__Aim of the task__. Where the records contain images, omit them, and repeat everything else word for word.
───── Records to use ─────
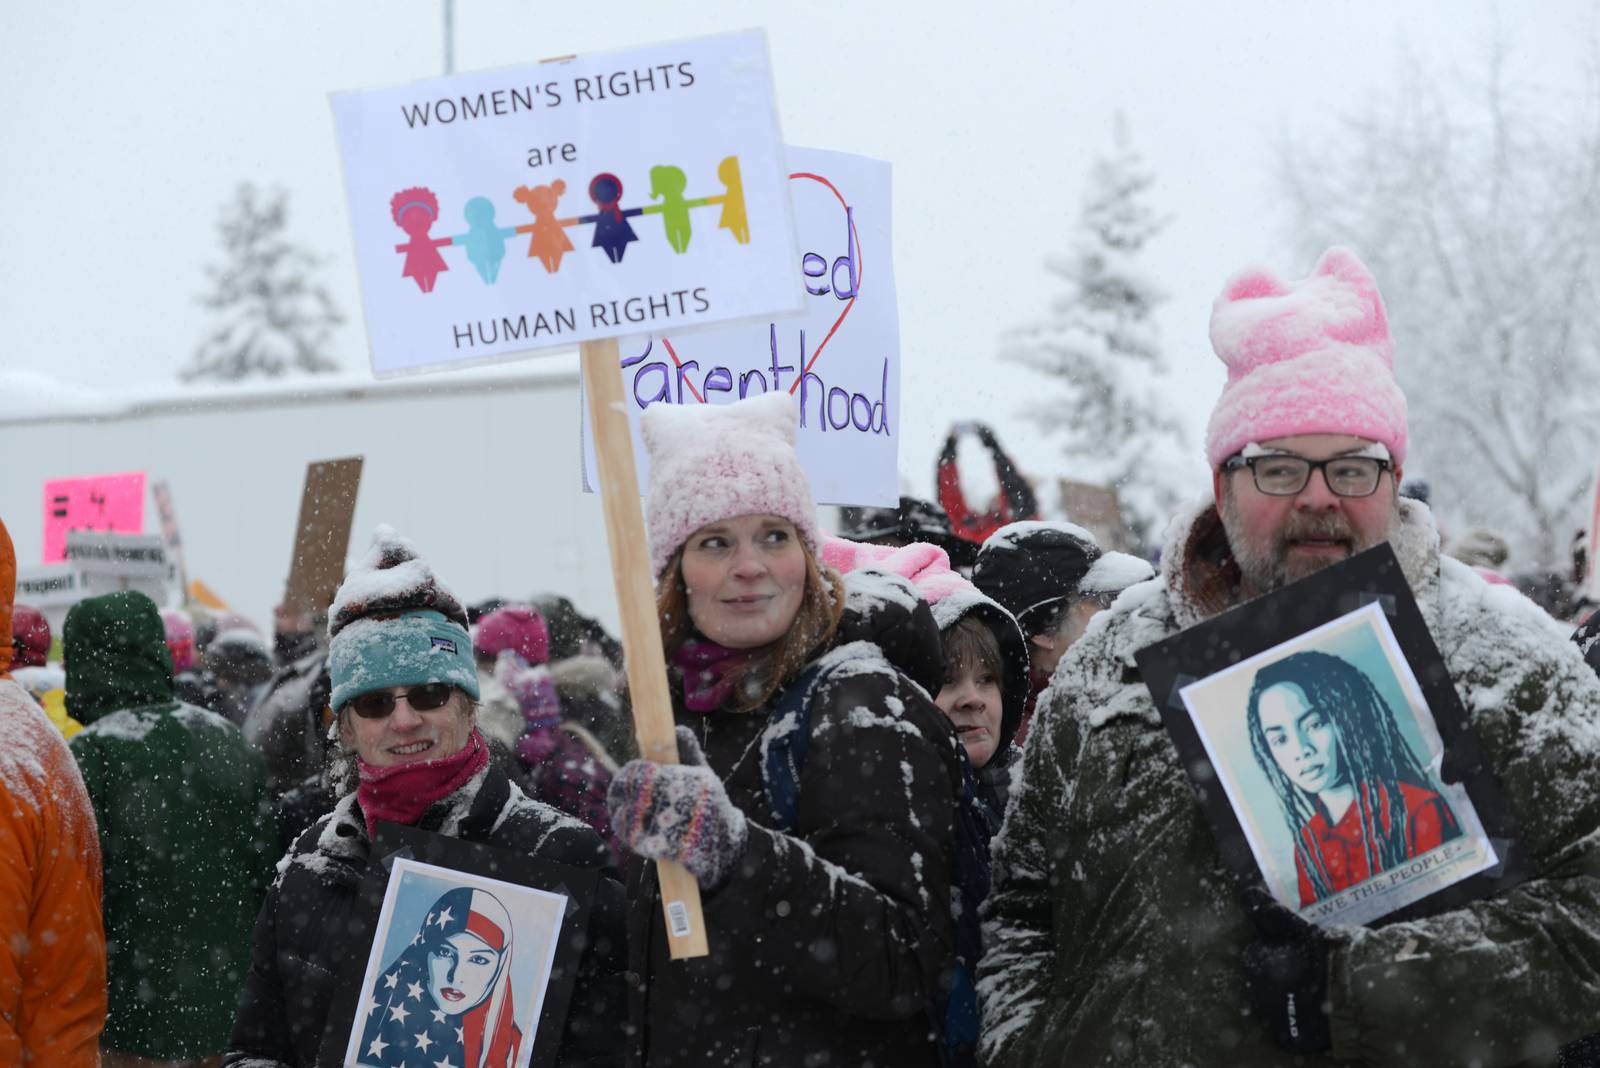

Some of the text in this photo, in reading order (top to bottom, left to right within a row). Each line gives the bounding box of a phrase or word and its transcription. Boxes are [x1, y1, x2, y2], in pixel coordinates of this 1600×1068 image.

[402, 61, 695, 129] WOMEN'S RIGHTS
[527, 143, 577, 168] are
[801, 206, 859, 302] ed
[453, 287, 709, 349] HUMAN RIGHTS
[620, 323, 892, 437] arenthood
[1317, 897, 1348, 917] WE
[1350, 881, 1387, 903] THE
[1389, 846, 1456, 885] PEOPLE
[1287, 992, 1298, 1038] HEAD
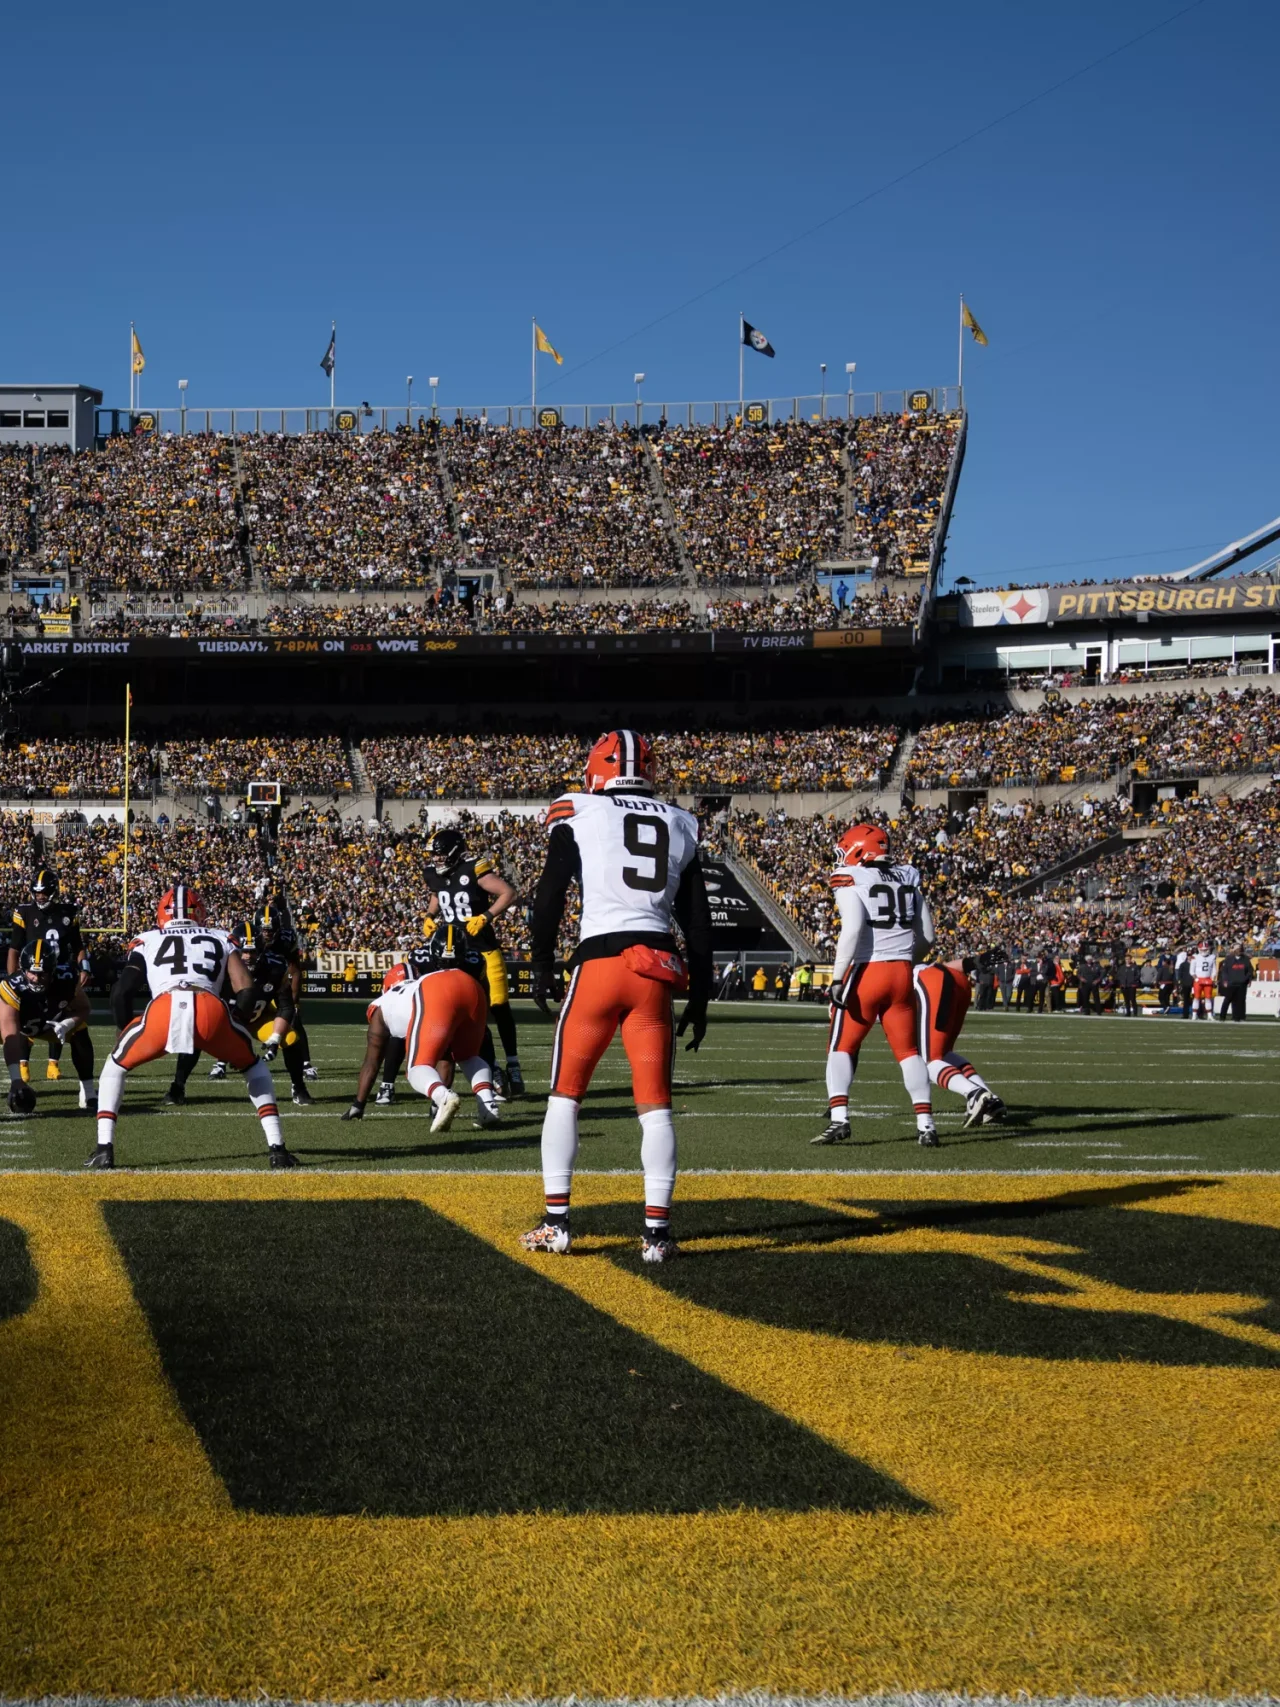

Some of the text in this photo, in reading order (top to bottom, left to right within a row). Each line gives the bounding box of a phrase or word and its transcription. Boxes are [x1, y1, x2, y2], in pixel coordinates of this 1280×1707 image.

[911, 397, 928, 409] 518
[339, 416, 353, 428] 521
[540, 414, 557, 426] 520
[748, 410, 762, 422] 519
[1057, 587, 1237, 616] PITTSBURGH
[970, 604, 1000, 615] Steelers
[742, 635, 806, 648] TV BREAK
[839, 632, 864, 645] :00
[16, 643, 69, 654] ARKET
[73, 643, 130, 654] DISTRICT
[197, 641, 269, 653] TUESDAYS,
[273, 640, 320, 652] 7-8PM
[323, 641, 345, 652] ON
[376, 640, 419, 652] WDVE
[423, 640, 459, 651] Rocks
[259, 785, 275, 801] 12
[611, 796, 667, 813] DELPIT
[622, 813, 670, 893] 9
[438, 890, 473, 922] 88
[867, 884, 915, 930] 30
[153, 935, 224, 982] 43
[1201, 961, 1210, 972] 2
[518, 970, 530, 980] 92
[331, 984, 342, 993] 62
[370, 984, 382, 993] 37
[518, 984, 530, 993] 72
─────
__Solution to the exercise__.
Some of the text in this photo, in reading order (top to bottom, left to right within a row). Each line gives the bounding box of a phrase or word and its transcription. Boxes are [x1, y1, x2, y2], in pixel coordinates of this 1600×1068 image.

[402, 61, 695, 129] WOMEN'S RIGHTS
[527, 143, 577, 168] are
[801, 206, 859, 302] ed
[453, 287, 709, 349] HUMAN RIGHTS
[620, 323, 892, 437] arenthood
[1317, 897, 1348, 917] WE
[1350, 881, 1387, 903] THE
[1389, 846, 1456, 885] PEOPLE
[1287, 992, 1298, 1038] HEAD

Some of the text in this photo, in reading order (top to bottom, left to right within a row). Each line gives the bounding box of a phrase or word and its transcription. Boxes are [x1, y1, x2, y2], in pixel coordinates of this 1280×1707 image.

[911, 397, 928, 409] 518
[339, 416, 353, 428] 521
[540, 414, 557, 426] 520
[748, 410, 762, 422] 519
[1057, 587, 1237, 616] PITTSBURGH
[970, 604, 1000, 615] Steelers
[742, 635, 806, 648] TV BREAK
[839, 632, 864, 645] :00
[16, 643, 69, 654] ARKET
[73, 643, 130, 654] DISTRICT
[197, 641, 269, 653] TUESDAYS,
[273, 640, 320, 652] 7-8PM
[323, 641, 345, 652] ON
[376, 640, 419, 652] WDVE
[423, 640, 459, 651] Rocks
[259, 785, 275, 801] 12
[611, 796, 667, 813] DELPIT
[622, 813, 670, 893] 9
[438, 890, 473, 922] 88
[867, 884, 915, 930] 30
[153, 935, 224, 982] 43
[1201, 961, 1210, 972] 2
[518, 970, 530, 980] 92
[331, 984, 342, 993] 62
[370, 984, 382, 993] 37
[518, 984, 530, 993] 72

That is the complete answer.